| PROBLEM TO SOLVE |
Every picture should be left out, but the lines below must be repeated exactly.

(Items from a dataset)
◆ ◆ ◆ ◆
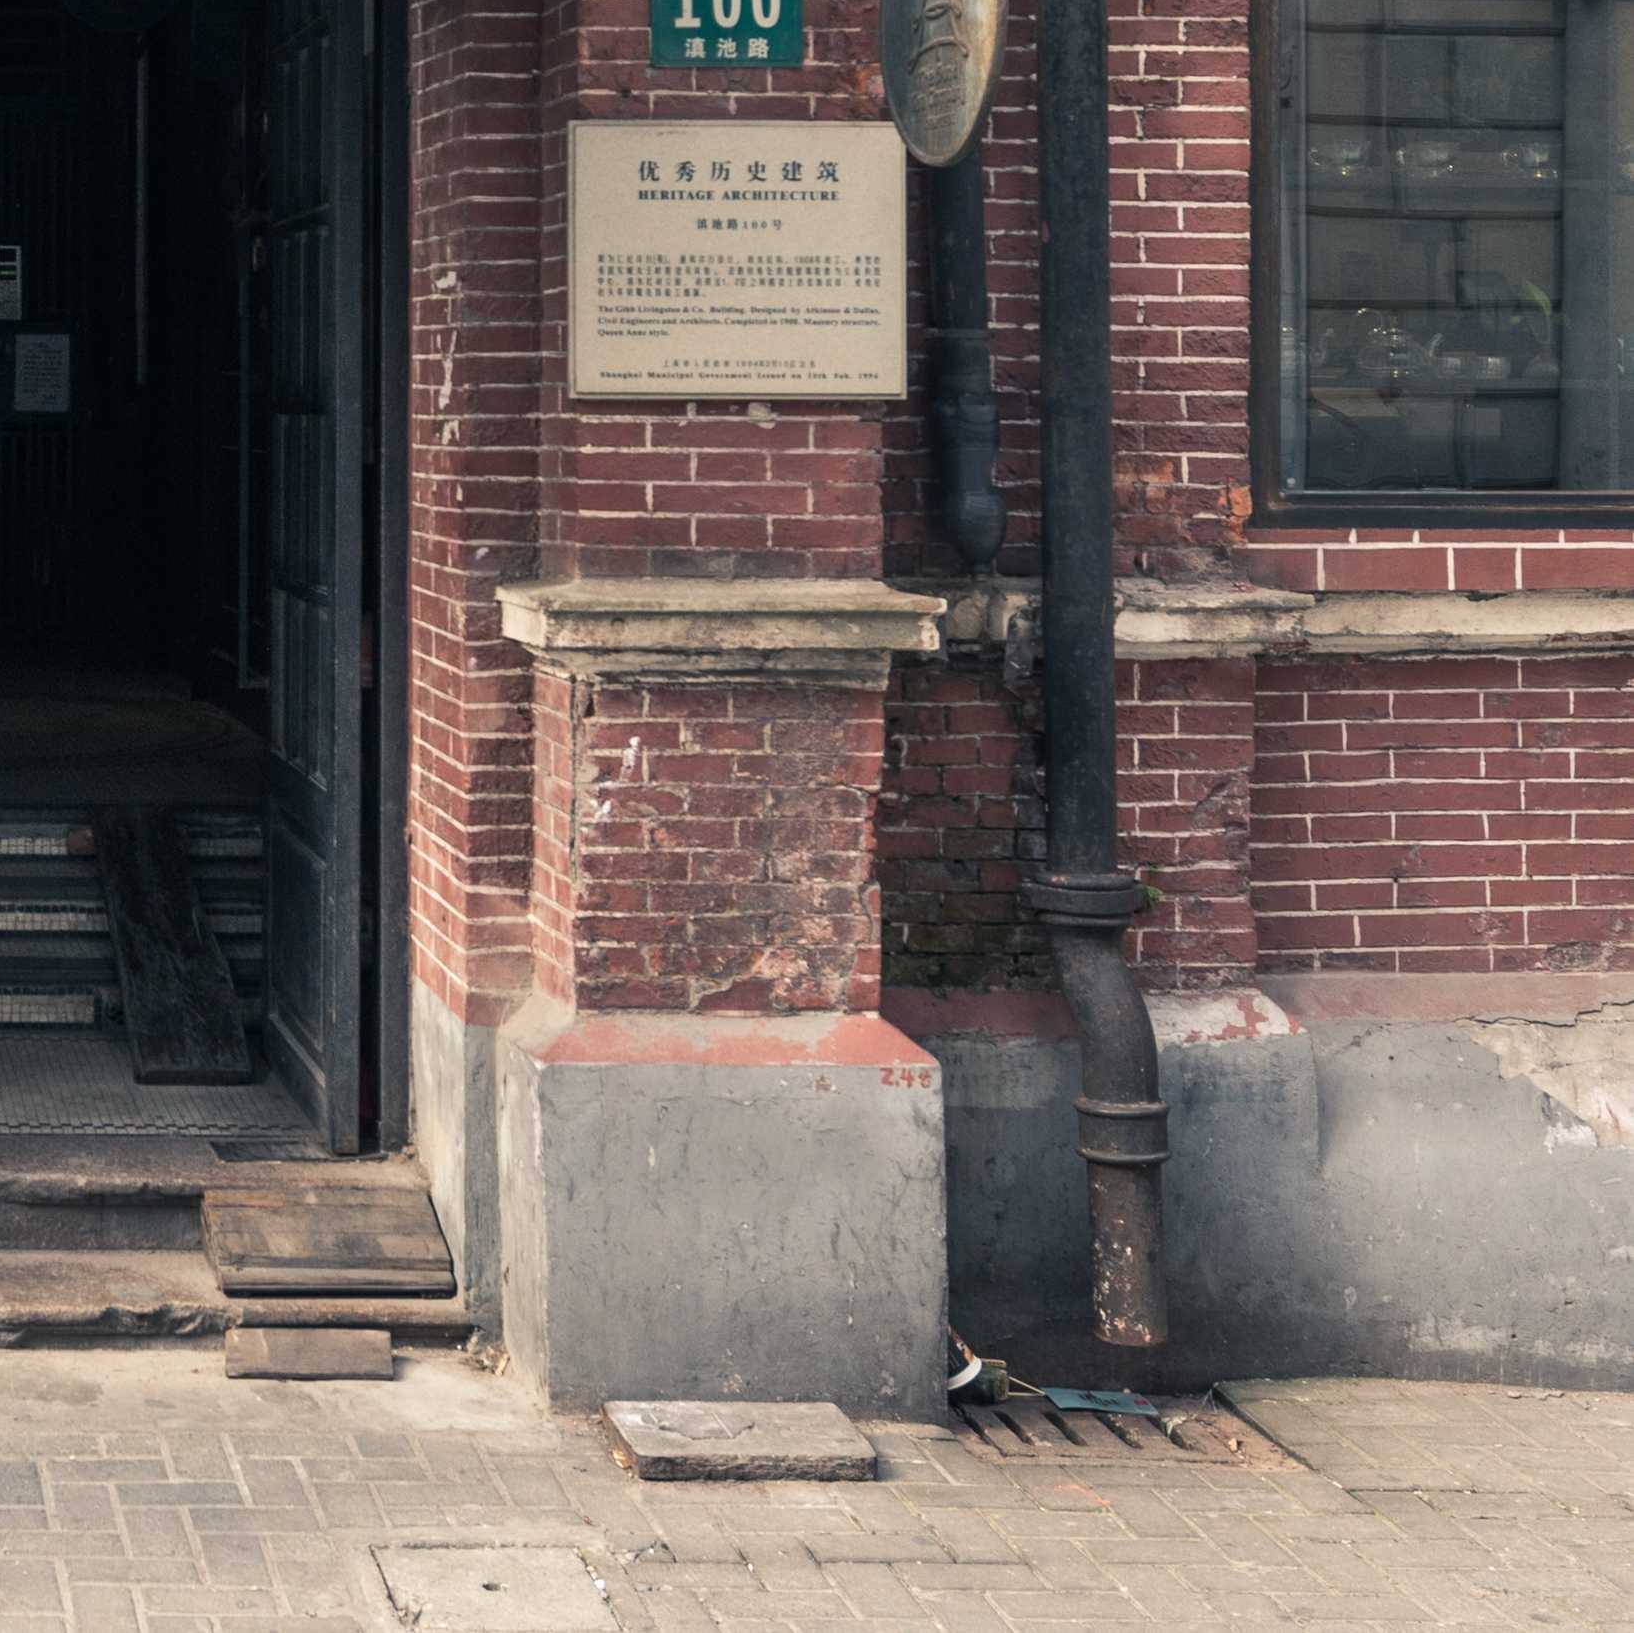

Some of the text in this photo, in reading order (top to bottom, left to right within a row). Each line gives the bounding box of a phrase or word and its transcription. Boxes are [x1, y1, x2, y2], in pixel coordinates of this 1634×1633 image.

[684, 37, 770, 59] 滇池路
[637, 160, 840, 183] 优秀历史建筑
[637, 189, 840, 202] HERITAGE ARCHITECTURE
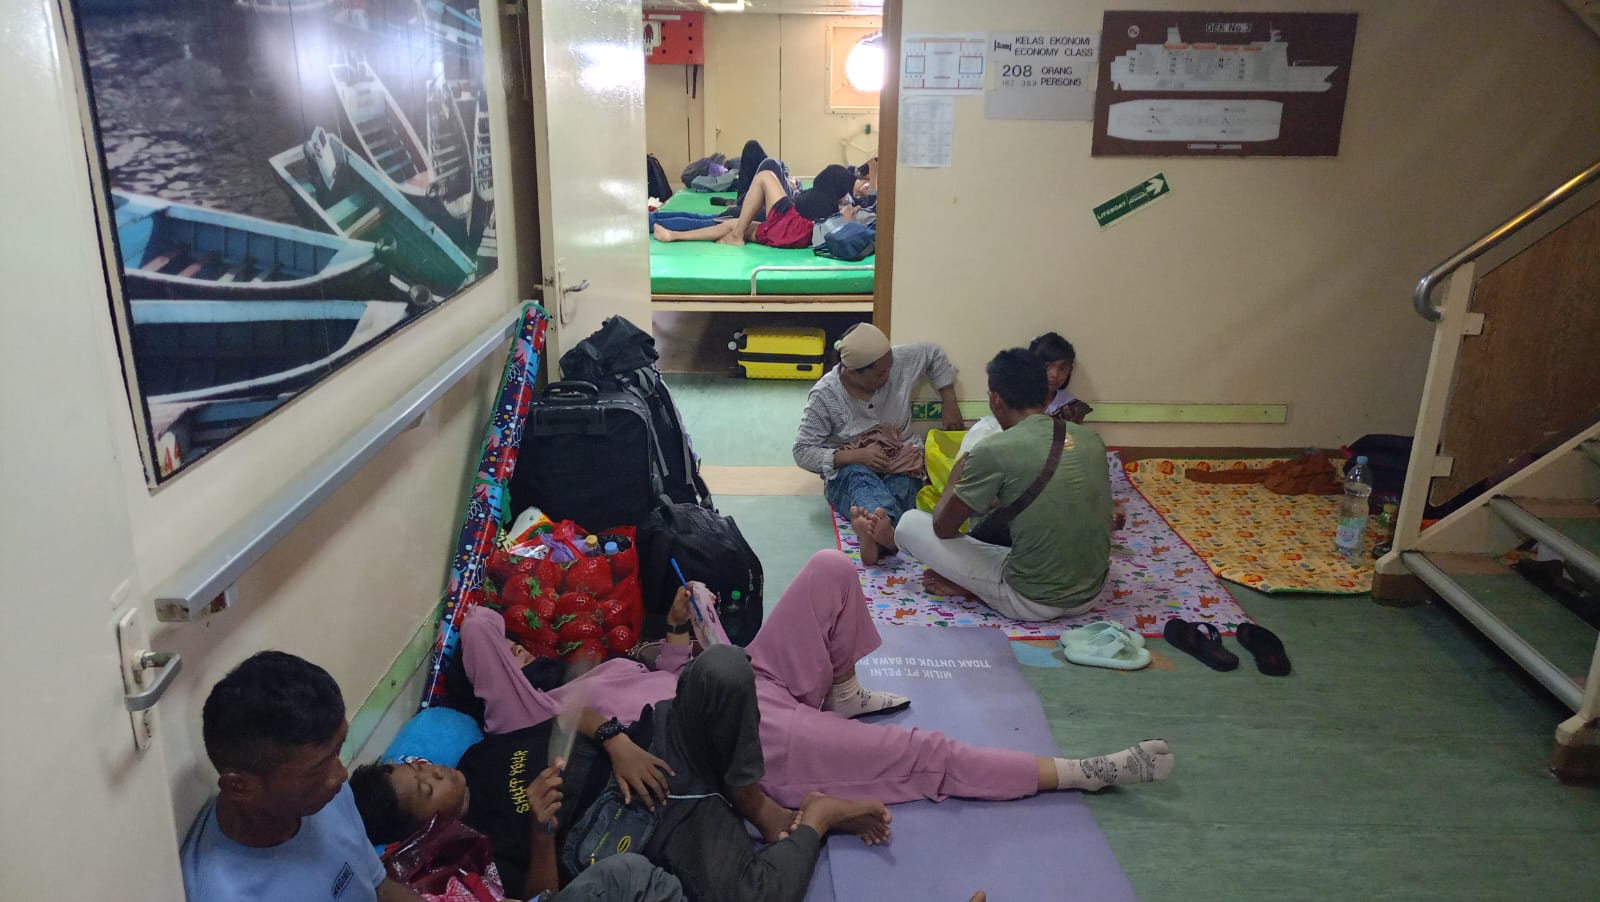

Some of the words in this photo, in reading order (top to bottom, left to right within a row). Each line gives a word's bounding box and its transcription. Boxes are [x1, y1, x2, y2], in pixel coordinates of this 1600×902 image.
◆ ◆ ◆ ◆
| SOLUTION TO THIS EXERCISE |
Some of the text in this photo, in reading order (top to bottom, left to right within a row). Each line gives the bounding box of a phrase or word and its transcription. Boxes are [x1, y1, x2, y2], in pixel coordinates of this 1634×1633 image.

[684, 37, 770, 59] 滇池路
[637, 160, 840, 183] 优秀历史建筑
[637, 189, 840, 202] HERITAGE ARCHITECTURE

Some of the words in this photo, in reading order (top to bottom, left to right within a row). Each line gives a word's bounding box and its transcription. Boxes are [x1, y1, x2, y2], in pixel coordinates of this 1600×902 image.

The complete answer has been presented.